Спорили, как и прежде, о том, в какую сторону должна смотреть будущая школа основными своими классами. Муратов, Иван Павлович, Мария Ивановна почти все строители из бригады «вэлыкого прарапа», Петр Ксенофонтович Одинокое настаивали на том, чтобы большая часть окон была повернута туда, где долее всего в короткий зимний день задерживается солнце. Но с ними не соглашались заведующий районо, председатель сельсовета Михаил Спиридонович Сорокин, примкнувший к нему немедленно мой отец, руководители комсомольской ячейки (ими были мой старший двоюродный брат Иван и его верный помощник и приятель Митька Крутяков). Свое возражение эти последние основывали на том, что на солнечной стороне стоит церковь, она будет «заражать религиозным дурманом» детей, которые, конечно же, начнут глазеть на нее из своих классов. «Чепуха! Вздор! Дичь!» – учителю хотелось крикнуть прямо в лицо ярым «атеистам», но Иван Павлович, едва ли не самый разумный из спорящих, употребил над собою власть и не дал вырваться наружу словам, которые рвались из груди. Он никогда не забывал, что в свое время состоял в партии эсеров, и только всегдашняя осторожность остановила его перед роковым решением: в двадцать первом году в здешних краях орудовала одна из антоновских банд, предводительствуемая неким Поповым, и сельский учитель Иван Павлович Наумов вполне мог оказаться в ней. Время от времени ему давали знать, чтобы он помнил о своем прошлом и не очень-то витийствовал на родительских собраниях в школе. Да он и не витийствовал – держался ровно и подчеркнуто лояльно в отношении Советской власти. Из-за боязни, что его могут обвинить в пособничестве служителям культа, он первым уступил атеистам, сильно огорчив этим Муратова и тех, кто был с ним заодно, и справедливость, которая, по пословице, должна была бы восторжествовать, на этот раз потерпела поражение. Следствием же было то, что шесть классных комнат из семи к началу занятий и до их окончания погружались в сумерки и глядели на мир множеством бельмоватых, покрытых мохнатой снежной опушиной глаз-окон.

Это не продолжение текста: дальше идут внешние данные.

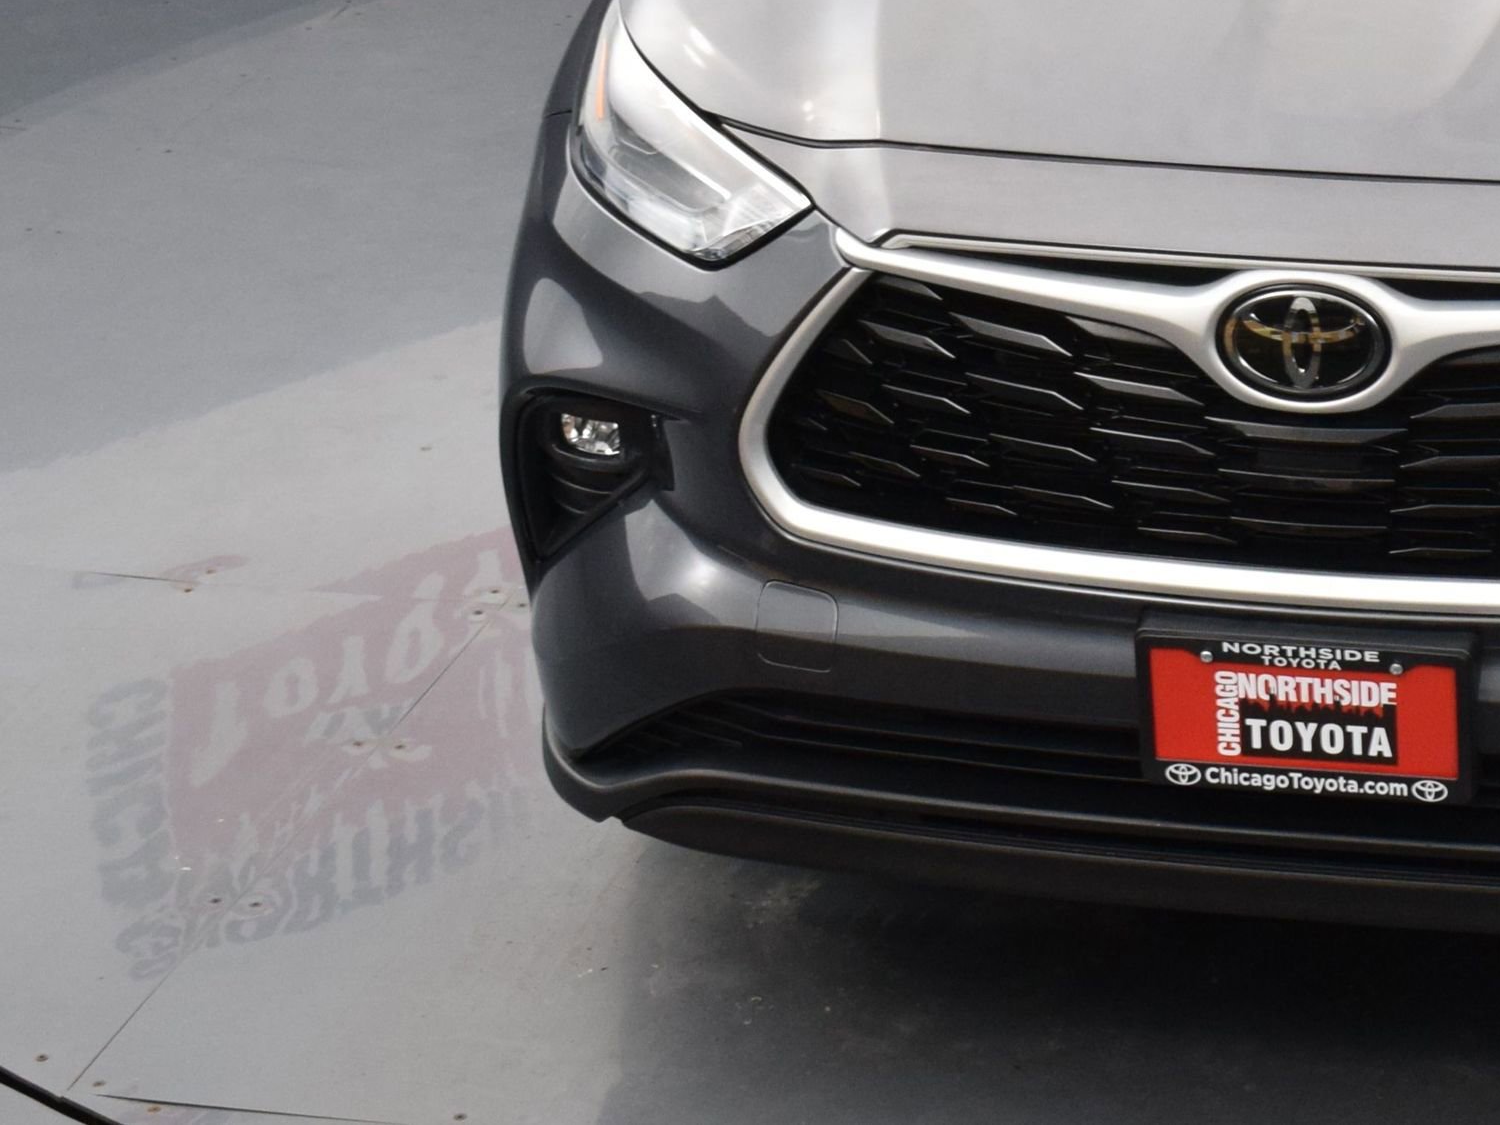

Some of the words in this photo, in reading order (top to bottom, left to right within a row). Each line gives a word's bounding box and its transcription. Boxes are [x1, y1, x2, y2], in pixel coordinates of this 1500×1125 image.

[1221, 641, 1381, 663] NORTHSIDE
[1260, 655, 1342, 671] TOYOTA
[1236, 672, 1398, 708] NORTHSIDE
[1214, 670, 1242, 757] CHICAGO
[1245, 718, 1393, 758] TOYOTA
[1204, 766, 1409, 797] ChicagoToyota.com

Свет в них чуть просачивался, но холод легко проникал в классы, и дров не хватало, чтобы успешно противоборствовать с ним. В особенно холодные дни занятия вообще не проводились: это была плата за страх. Опережая события, скажу, что церковь вскоре порушили, а школа и поныне стоит так, как ее поставили, – спиною к солнцу.